▸ **What to work on**
Print the listing below again from the line that contains "this 973×1296 image." onward, keeping every line exact and leaving out the lines before it.

_____

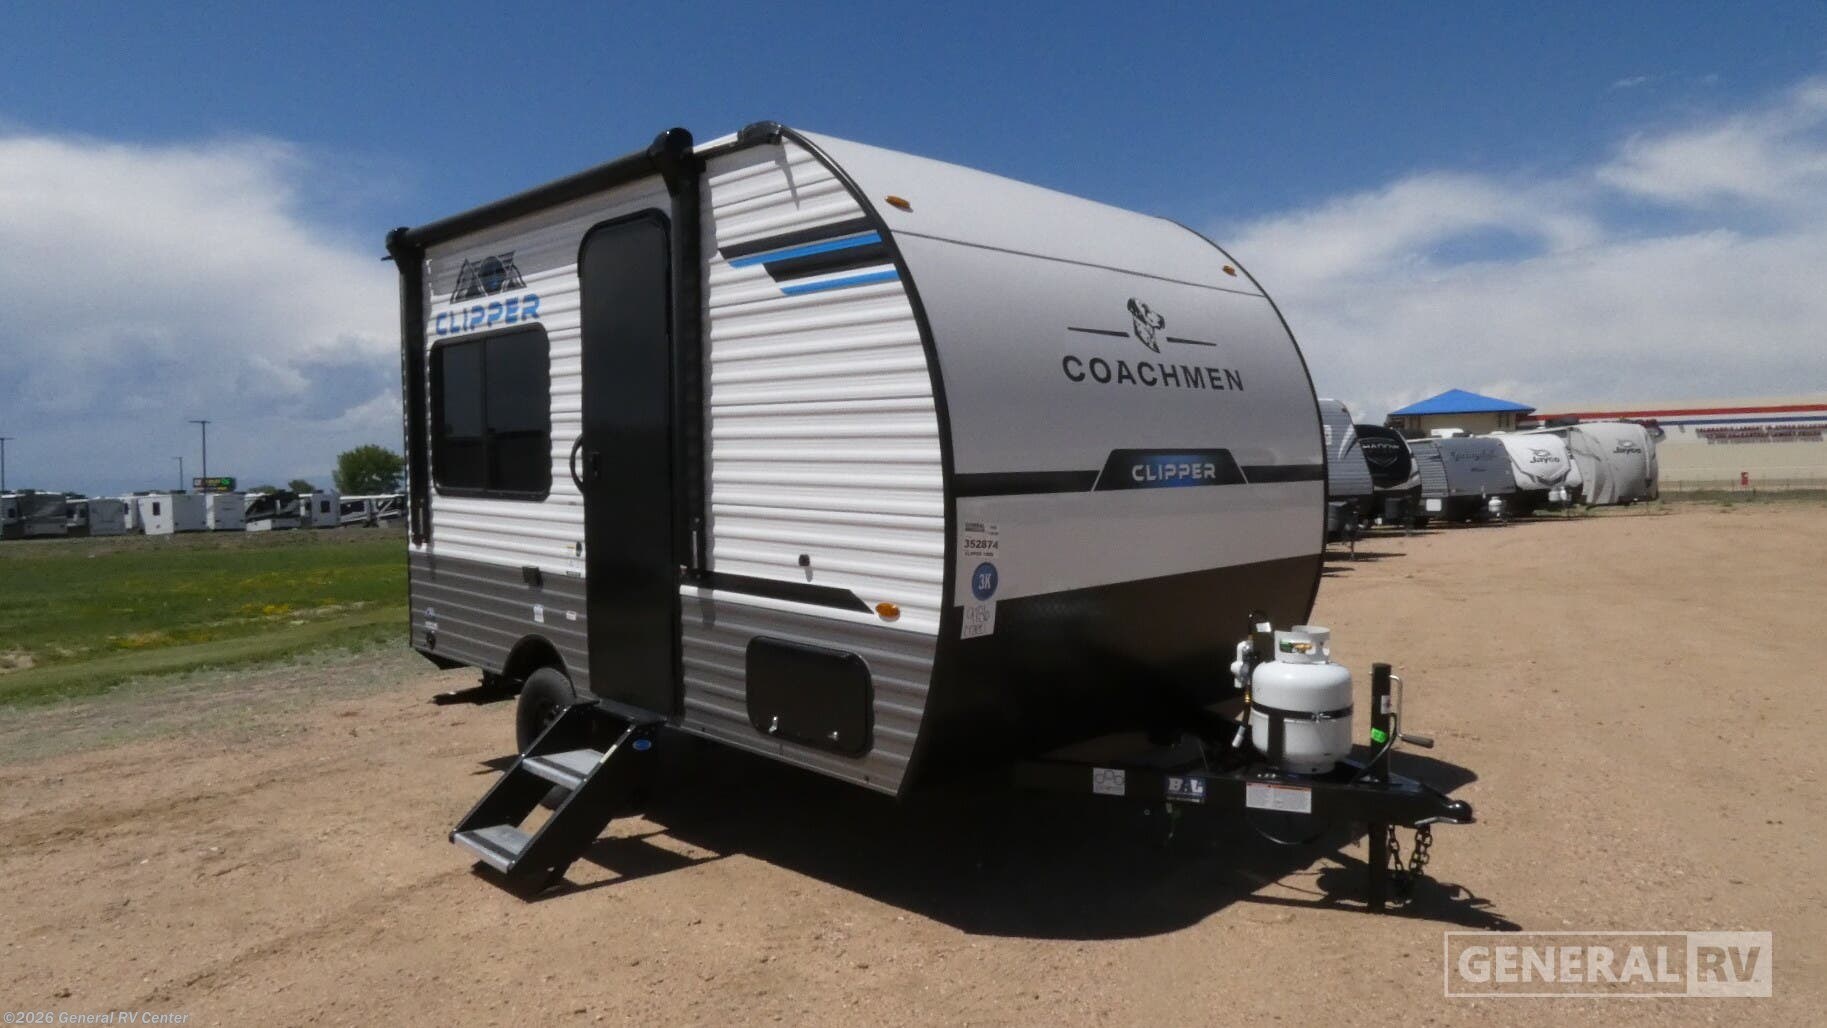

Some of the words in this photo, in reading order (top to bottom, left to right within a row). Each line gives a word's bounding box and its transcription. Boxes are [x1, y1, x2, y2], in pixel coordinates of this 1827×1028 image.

[435, 293, 541, 335] CLIPPER
[1062, 355, 1244, 391] COACHMEN
[1131, 463, 1216, 482] CLIPPER
[963, 538, 999, 550] 352874
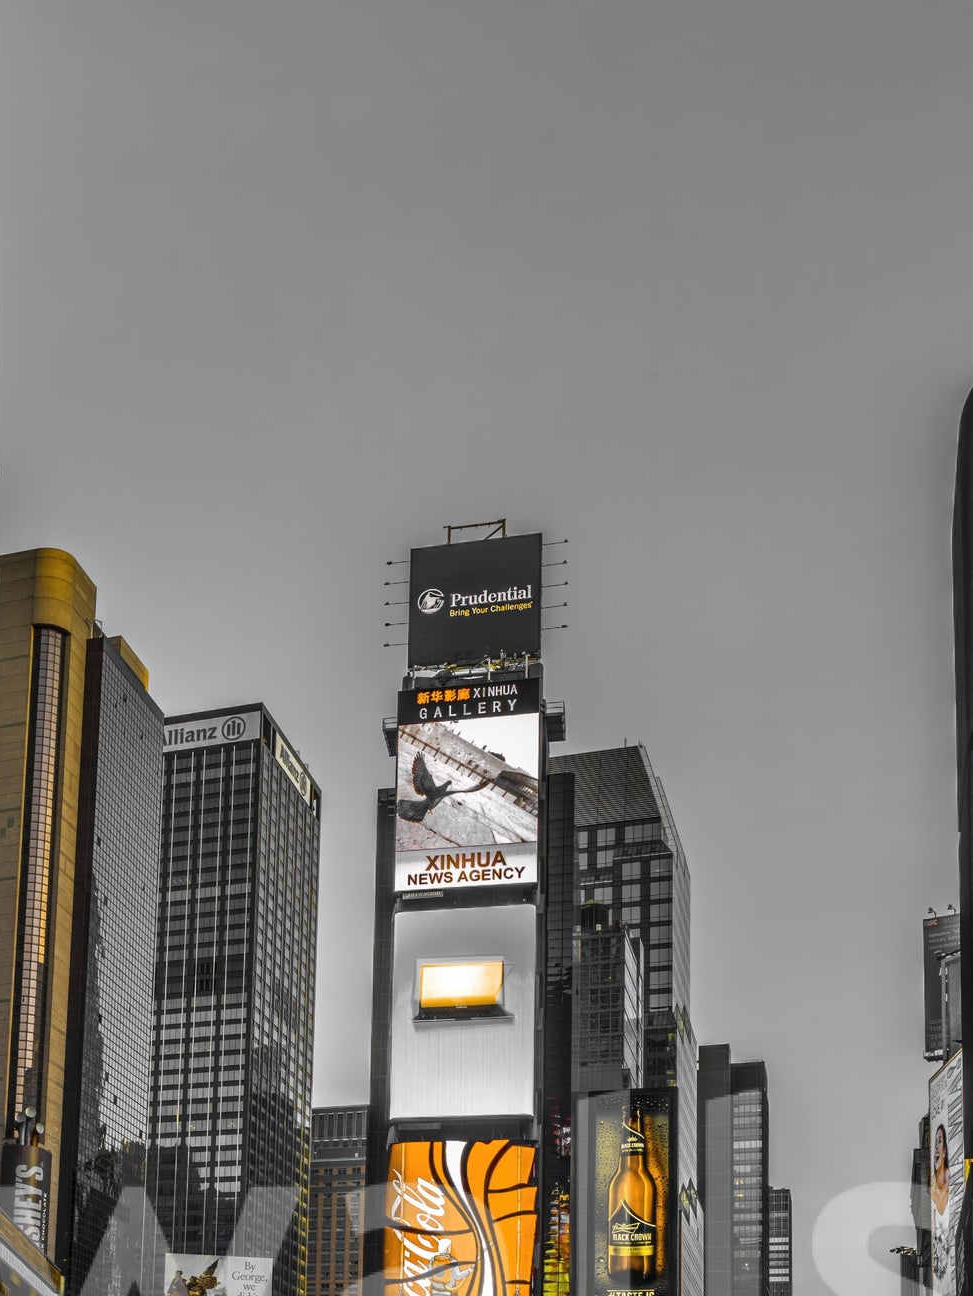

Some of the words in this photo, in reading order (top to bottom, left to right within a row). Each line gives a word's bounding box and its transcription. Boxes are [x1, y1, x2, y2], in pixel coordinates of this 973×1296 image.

[450, 585, 532, 608] Prudential
[449, 607, 470, 617] Bring
[471, 606, 488, 614] Your
[490, 602, 532, 613] Challenges
[416, 688, 471, 705] 新华影廊
[473, 684, 518, 699] XINHUA
[419, 699, 518, 720] GALLERY
[425, 851, 507, 871] XINHUA
[407, 870, 454, 886] NEWS
[457, 866, 526, 882] AGENCY
[612, 1233, 630, 1242] BLACK
[630, 1232, 652, 1242] CROWN
[244, 1261, 257, 1273] By
[232, 1271, 268, 1284] George,

_____

▸ **Your solution**
Some of the words in this photo, in reading order (top to bottom, left to right within a row). Each line gives a word's bounding box and its transcription. Boxes are [x1, y1, x2, y2], in pixel coordinates of this 973×1296 image.

[450, 585, 532, 608] Prudential
[449, 607, 470, 617] Bring
[471, 606, 488, 614] Your
[490, 602, 532, 613] Challenges
[416, 688, 471, 705] 新华影廊
[473, 684, 518, 699] XINHUA
[419, 699, 518, 720] GALLERY
[425, 851, 507, 871] XINHUA
[407, 870, 454, 886] NEWS
[457, 866, 526, 882] AGENCY
[612, 1233, 630, 1242] BLACK
[630, 1232, 652, 1242] CROWN
[244, 1261, 257, 1273] By
[232, 1271, 268, 1284] George,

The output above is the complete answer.